Below is a set of entries; copy all of them exactly.

(Saved data entries)
■ ■ ■ ■

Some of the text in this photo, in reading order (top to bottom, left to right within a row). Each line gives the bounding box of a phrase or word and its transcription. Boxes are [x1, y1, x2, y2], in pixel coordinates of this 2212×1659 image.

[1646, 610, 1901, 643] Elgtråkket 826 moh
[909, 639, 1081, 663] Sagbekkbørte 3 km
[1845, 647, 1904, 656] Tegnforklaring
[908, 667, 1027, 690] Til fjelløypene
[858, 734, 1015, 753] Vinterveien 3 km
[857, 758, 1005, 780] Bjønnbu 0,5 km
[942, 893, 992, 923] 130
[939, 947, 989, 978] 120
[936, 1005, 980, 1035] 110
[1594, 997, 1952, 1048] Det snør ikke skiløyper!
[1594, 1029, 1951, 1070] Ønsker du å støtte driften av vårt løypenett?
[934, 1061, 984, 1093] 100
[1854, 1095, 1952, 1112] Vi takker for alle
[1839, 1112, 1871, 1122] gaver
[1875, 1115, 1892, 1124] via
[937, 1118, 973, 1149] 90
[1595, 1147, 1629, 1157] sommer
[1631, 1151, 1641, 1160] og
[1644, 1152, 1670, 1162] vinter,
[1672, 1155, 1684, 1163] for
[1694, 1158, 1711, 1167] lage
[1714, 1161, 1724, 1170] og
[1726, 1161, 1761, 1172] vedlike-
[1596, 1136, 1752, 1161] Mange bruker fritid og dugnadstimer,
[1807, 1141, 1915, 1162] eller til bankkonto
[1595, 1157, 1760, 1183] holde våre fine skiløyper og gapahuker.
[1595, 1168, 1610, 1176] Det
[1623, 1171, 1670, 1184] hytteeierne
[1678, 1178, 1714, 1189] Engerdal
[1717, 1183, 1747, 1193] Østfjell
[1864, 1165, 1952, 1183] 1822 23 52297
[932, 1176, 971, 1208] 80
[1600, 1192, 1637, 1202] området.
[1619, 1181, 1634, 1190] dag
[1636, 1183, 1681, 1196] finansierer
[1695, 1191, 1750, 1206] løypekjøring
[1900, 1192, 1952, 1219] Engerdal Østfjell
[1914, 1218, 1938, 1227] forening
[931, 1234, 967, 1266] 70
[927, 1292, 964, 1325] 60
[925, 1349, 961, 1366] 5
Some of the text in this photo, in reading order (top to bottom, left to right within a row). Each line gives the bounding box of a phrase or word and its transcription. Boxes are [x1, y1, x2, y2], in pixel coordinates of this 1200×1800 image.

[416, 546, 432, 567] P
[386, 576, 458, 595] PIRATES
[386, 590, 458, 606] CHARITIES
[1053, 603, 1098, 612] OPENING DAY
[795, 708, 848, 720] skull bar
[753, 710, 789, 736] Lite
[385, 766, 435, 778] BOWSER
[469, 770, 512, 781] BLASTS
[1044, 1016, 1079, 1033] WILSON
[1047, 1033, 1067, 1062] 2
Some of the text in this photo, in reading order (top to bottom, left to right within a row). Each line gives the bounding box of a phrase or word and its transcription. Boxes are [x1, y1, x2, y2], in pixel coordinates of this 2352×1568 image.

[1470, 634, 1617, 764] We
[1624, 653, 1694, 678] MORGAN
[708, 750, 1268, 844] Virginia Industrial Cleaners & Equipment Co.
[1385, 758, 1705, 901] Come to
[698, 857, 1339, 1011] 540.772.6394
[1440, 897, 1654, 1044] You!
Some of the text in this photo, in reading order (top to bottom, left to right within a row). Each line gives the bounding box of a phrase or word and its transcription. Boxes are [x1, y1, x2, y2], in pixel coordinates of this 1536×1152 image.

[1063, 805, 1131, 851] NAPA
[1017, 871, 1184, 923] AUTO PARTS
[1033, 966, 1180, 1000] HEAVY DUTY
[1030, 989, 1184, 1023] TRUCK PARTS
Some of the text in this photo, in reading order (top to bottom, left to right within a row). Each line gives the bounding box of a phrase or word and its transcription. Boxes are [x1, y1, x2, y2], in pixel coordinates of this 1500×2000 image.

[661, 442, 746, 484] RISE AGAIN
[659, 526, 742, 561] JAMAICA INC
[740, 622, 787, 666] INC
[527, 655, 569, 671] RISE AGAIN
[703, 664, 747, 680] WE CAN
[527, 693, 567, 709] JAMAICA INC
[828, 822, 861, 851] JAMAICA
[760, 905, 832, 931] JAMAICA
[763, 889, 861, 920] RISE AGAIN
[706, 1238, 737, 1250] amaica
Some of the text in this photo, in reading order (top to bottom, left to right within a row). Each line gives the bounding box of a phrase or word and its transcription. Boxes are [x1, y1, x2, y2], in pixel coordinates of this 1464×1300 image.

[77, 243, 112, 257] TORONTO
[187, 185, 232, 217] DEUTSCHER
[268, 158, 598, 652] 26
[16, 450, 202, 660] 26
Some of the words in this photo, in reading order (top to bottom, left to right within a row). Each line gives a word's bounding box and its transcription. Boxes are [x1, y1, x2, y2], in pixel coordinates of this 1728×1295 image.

■ ■ ■ ■

SOLVED PROBLEM =>
Some of the text in this photo, in reading order (top to bottom, left to right within a row). Each line gives the bounding box of a phrase or word and its transcription. Boxes are [x1, y1, x2, y2], in pixel coordinates of this 2212×1659 image.

[1646, 610, 1901, 643] Elgtråkket 826 moh
[909, 639, 1081, 663] Sagbekkbørte 3 km
[1845, 647, 1904, 656] Tegnforklaring
[908, 667, 1027, 690] Til fjelløypene
[858, 734, 1015, 753] Vinterveien 3 km
[857, 758, 1005, 780] Bjønnbu 0,5 km
[942, 893, 992, 923] 130
[939, 947, 989, 978] 120
[936, 1005, 980, 1035] 110
[1594, 997, 1952, 1048] Det snør ikke skiløyper!
[1594, 1029, 1951, 1070] Ønsker du å støtte driften av vårt løypenett?
[934, 1061, 984, 1093] 100
[1854, 1095, 1952, 1112] Vi takker for alle
[1839, 1112, 1871, 1122] gaver
[1875, 1115, 1892, 1124] via
[937, 1118, 973, 1149] 90
[1595, 1147, 1629, 1157] sommer
[1631, 1151, 1641, 1160] og
[1644, 1152, 1670, 1162] vinter,
[1672, 1155, 1684, 1163] for
[1694, 1158, 1711, 1167] lage
[1714, 1161, 1724, 1170] og
[1726, 1161, 1761, 1172] vedlike-
[1596, 1136, 1752, 1161] Mange bruker fritid og dugnadstimer,
[1807, 1141, 1915, 1162] eller til bankkonto
[1595, 1157, 1760, 1183] holde våre fine skiløyper og gapahuker.
[1595, 1168, 1610, 1176] Det
[1623, 1171, 1670, 1184] hytteeierne
[1678, 1178, 1714, 1189] Engerdal
[1717, 1183, 1747, 1193] Østfjell
[1864, 1165, 1952, 1183] 1822 23 52297
[932, 1176, 971, 1208] 80
[1600, 1192, 1637, 1202] området.
[1619, 1181, 1634, 1190] dag
[1636, 1183, 1681, 1196] finansierer
[1695, 1191, 1750, 1206] løypekjøring
[1900, 1192, 1952, 1219] Engerdal Østfjell
[1914, 1218, 1938, 1227] forening
[931, 1234, 967, 1266] 70
[927, 1292, 964, 1325] 60
[925, 1349, 961, 1366] 5
Some of the text in this photo, in reading order (top to bottom, left to right within a row). Each line gives the bounding box of a phrase or word and its transcription. Boxes are [x1, y1, x2, y2], in pixel coordinates of this 1200×1800 image.

[416, 546, 432, 567] P
[386, 576, 458, 595] PIRATES
[386, 590, 458, 606] CHARITIES
[1053, 603, 1098, 612] OPENING DAY
[795, 708, 848, 720] skull bar
[753, 710, 789, 736] Lite
[385, 766, 435, 778] BOWSER
[469, 770, 512, 781] BLASTS
[1044, 1016, 1079, 1033] WILSON
[1047, 1033, 1067, 1062] 2
Some of the text in this photo, in reading order (top to bottom, left to right within a row). Each line gives the bounding box of a phrase or word and its transcription. Boxes are [x1, y1, x2, y2], in pixel coordinates of this 2352×1568 image.

[1470, 634, 1617, 764] We
[1624, 653, 1694, 678] MORGAN
[708, 750, 1268, 844] Virginia Industrial Cleaners & Equipment Co.
[1385, 758, 1705, 901] Come to
[698, 857, 1339, 1011] 540.772.6394
[1440, 897, 1654, 1044] You!
Some of the text in this photo, in reading order (top to bottom, left to right within a row). Each line gives the bounding box of a phrase or word and its transcription. Boxes are [x1, y1, x2, y2], in pixel coordinates of this 1536×1152 image.

[1063, 805, 1131, 851] NAPA
[1017, 871, 1184, 923] AUTO PARTS
[1033, 966, 1180, 1000] HEAVY DUTY
[1030, 989, 1184, 1023] TRUCK PARTS
Some of the text in this photo, in reading order (top to bottom, left to right within a row). Each line gives the bounding box of a phrase or word and its transcription. Boxes are [x1, y1, x2, y2], in pixel coordinates of this 1500×2000 image.

[661, 442, 746, 484] RISE AGAIN
[659, 526, 742, 561] JAMAICA INC
[740, 622, 787, 666] INC
[527, 655, 569, 671] RISE AGAIN
[703, 664, 747, 680] WE CAN
[527, 693, 567, 709] JAMAICA INC
[828, 822, 861, 851] JAMAICA
[760, 905, 832, 931] JAMAICA
[763, 889, 861, 920] RISE AGAIN
[706, 1238, 737, 1250] amaica
Some of the text in this photo, in reading order (top to bottom, left to right within a row). Each line gives the bounding box of a phrase or word and its transcription. Boxes are [x1, y1, x2, y2], in pixel coordinates of this 1464×1300 image.

[77, 243, 112, 257] TORONTO
[187, 185, 232, 217] DEUTSCHER
[268, 158, 598, 652] 26
[16, 450, 202, 660] 26
Some of the words in this photo, in reading order (top to bottom, left to right within a row). Each line gives a word's bounding box and its transcription. Boxes are [x1, y1, x2, y2], in pixel coordinates of this 1728×1295 image.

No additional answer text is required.